Work instruction → Retype the material below, keeping each line identical.

*** Block opens ***

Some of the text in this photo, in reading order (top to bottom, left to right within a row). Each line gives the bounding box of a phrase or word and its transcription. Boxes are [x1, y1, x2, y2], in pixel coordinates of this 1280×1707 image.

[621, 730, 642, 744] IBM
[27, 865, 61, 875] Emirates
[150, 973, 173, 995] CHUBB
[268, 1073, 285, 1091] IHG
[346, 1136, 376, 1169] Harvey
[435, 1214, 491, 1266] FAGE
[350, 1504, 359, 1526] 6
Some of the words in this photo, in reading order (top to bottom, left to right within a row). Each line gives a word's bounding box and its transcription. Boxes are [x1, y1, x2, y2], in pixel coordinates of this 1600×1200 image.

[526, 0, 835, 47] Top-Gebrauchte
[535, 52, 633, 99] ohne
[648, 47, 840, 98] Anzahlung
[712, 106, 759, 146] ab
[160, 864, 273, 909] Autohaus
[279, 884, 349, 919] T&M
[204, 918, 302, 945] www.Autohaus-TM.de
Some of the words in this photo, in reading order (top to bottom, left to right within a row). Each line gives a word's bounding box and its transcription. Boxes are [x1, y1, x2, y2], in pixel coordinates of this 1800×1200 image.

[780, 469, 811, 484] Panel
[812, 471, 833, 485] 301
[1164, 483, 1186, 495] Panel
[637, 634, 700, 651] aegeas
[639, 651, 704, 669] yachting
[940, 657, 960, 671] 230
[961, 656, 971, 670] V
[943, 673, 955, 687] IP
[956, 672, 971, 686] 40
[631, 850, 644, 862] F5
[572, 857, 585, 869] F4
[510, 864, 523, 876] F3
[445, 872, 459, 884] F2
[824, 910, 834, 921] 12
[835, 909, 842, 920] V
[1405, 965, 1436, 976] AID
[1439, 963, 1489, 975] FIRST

*** Block closes ***

Answer section →
Some of the text in this photo, in reading order (top to bottom, left to right within a row). Each line gives the bounding box of a phrase or word and its transcription. Boxes are [x1, y1, x2, y2], in pixel coordinates of this 1280×1707 image.

[621, 730, 642, 744] IBM
[27, 865, 61, 875] Emirates
[150, 973, 173, 995] CHUBB
[268, 1073, 285, 1091] IHG
[346, 1136, 376, 1169] Harvey
[435, 1214, 491, 1266] FAGE
[350, 1504, 359, 1526] 6
Some of the words in this photo, in reading order (top to bottom, left to right within a row). Each line gives a word's bounding box and its transcription. Boxes are [x1, y1, x2, y2], in pixel coordinates of this 1600×1200 image.

[526, 0, 835, 47] Top-Gebrauchte
[535, 52, 633, 99] ohne
[648, 47, 840, 98] Anzahlung
[712, 106, 759, 146] ab
[160, 864, 273, 909] Autohaus
[279, 884, 349, 919] T&M
[204, 918, 302, 945] www.Autohaus-TM.de
Some of the words in this photo, in reading order (top to bottom, left to right within a row). Each line gives a word's bounding box and its transcription. Boxes are [x1, y1, x2, y2], in pixel coordinates of this 1800×1200 image.

[780, 469, 811, 484] Panel
[812, 471, 833, 485] 301
[1164, 483, 1186, 495] Panel
[637, 634, 700, 651] aegeas
[639, 651, 704, 669] yachting
[940, 657, 960, 671] 230
[961, 656, 971, 670] V
[943, 673, 955, 687] IP
[956, 672, 971, 686] 40
[631, 850, 644, 862] F5
[572, 857, 585, 869] F4
[510, 864, 523, 876] F3
[445, 872, 459, 884] F2
[824, 910, 834, 921] 12
[835, 909, 842, 920] V
[1405, 965, 1436, 976] AID
[1439, 963, 1489, 975] FIRST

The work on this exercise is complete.